メロンパンの評判が良かったので、商品に入れる話が本決まりになりそうで、折角ご機嫌だったというのに、これでは台無しである。
もちろん、予想はしていた。あの年頃の少年少女が、正面からプライドを根こそぎへし折られて、平然としていられるはずがないのだから。彼らは自身が優秀であるという自負があっただけにそれは尚更だろう。
「まして見下していた俺が相手となれば、ダメ押しだよな」
はあ、思わず深々と溜息をついてしまうが、現実は何も変わらない。過ぎ去った過去は戻らないし、やってしまったことは無かったことにならない。現実とはかくも残酷なものだ。

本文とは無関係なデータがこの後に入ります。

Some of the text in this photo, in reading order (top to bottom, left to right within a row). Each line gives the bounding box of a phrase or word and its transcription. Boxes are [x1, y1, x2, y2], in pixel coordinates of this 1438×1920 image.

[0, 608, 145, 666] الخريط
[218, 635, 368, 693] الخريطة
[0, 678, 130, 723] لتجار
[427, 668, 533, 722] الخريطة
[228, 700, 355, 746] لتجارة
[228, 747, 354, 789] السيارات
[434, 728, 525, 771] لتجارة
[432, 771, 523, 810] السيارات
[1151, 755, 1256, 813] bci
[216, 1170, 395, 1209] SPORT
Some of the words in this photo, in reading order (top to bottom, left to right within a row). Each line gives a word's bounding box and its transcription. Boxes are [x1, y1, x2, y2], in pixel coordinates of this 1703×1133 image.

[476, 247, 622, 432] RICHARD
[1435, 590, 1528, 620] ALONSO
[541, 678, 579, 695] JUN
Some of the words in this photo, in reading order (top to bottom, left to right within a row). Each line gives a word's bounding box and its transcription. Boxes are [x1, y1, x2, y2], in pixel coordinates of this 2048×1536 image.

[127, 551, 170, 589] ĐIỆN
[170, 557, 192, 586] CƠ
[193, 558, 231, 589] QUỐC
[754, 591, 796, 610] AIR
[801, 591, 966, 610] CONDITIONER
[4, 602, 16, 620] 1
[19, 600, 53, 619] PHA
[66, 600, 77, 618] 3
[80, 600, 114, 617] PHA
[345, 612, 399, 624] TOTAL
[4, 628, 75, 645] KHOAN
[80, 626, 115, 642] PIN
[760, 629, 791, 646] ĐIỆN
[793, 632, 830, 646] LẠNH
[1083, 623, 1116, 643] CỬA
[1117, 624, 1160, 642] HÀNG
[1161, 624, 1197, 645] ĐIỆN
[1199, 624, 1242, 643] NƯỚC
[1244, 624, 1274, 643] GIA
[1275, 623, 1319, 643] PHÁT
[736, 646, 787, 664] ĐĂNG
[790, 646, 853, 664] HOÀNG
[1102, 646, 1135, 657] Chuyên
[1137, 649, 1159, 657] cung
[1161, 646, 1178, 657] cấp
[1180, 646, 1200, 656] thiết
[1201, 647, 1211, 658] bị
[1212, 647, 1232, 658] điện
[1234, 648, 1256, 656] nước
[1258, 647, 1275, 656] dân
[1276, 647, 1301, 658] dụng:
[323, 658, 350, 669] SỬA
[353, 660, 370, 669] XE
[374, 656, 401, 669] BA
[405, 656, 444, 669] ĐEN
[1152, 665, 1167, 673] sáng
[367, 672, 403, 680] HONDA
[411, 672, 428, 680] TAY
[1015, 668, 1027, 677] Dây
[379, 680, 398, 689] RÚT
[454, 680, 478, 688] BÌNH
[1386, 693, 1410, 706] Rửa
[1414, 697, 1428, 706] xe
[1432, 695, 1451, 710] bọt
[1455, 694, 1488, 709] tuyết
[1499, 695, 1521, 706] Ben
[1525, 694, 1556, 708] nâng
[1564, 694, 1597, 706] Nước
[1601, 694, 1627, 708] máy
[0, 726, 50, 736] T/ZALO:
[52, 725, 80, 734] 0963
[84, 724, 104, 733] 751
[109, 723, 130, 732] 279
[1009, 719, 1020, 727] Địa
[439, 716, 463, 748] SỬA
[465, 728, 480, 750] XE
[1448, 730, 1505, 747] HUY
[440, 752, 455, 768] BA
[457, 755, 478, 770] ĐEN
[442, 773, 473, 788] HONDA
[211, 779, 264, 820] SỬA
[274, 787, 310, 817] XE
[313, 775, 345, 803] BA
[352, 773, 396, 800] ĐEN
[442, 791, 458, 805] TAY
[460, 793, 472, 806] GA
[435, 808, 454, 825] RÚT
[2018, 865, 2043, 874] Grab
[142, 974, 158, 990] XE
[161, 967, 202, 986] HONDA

「折角共通語をようやくマスターしたのにな……。話す相手がいなければ、意味ないつうの」
クラスメイトも含め、積極的に他者と交流しなかったのは、話す話さない以前の問題で、単純に言葉が分からなかっただけなんだというのに。
――俺は無口でも根暗でも、孤高でもなんでもないわ!
そう心中で叫んだところで、誰にも伝わらない。
いや、声に出したところで伝わらなかっただろう。
なにせ、誰もいないのだから。
「はあ、本当にどうしろって言うんだよ……」
結局、その日俺の言葉に応えてくれる者は現れなかった。
「酷い顔だ」
クレオは、鏡に映った自身の顔を見て呟いた。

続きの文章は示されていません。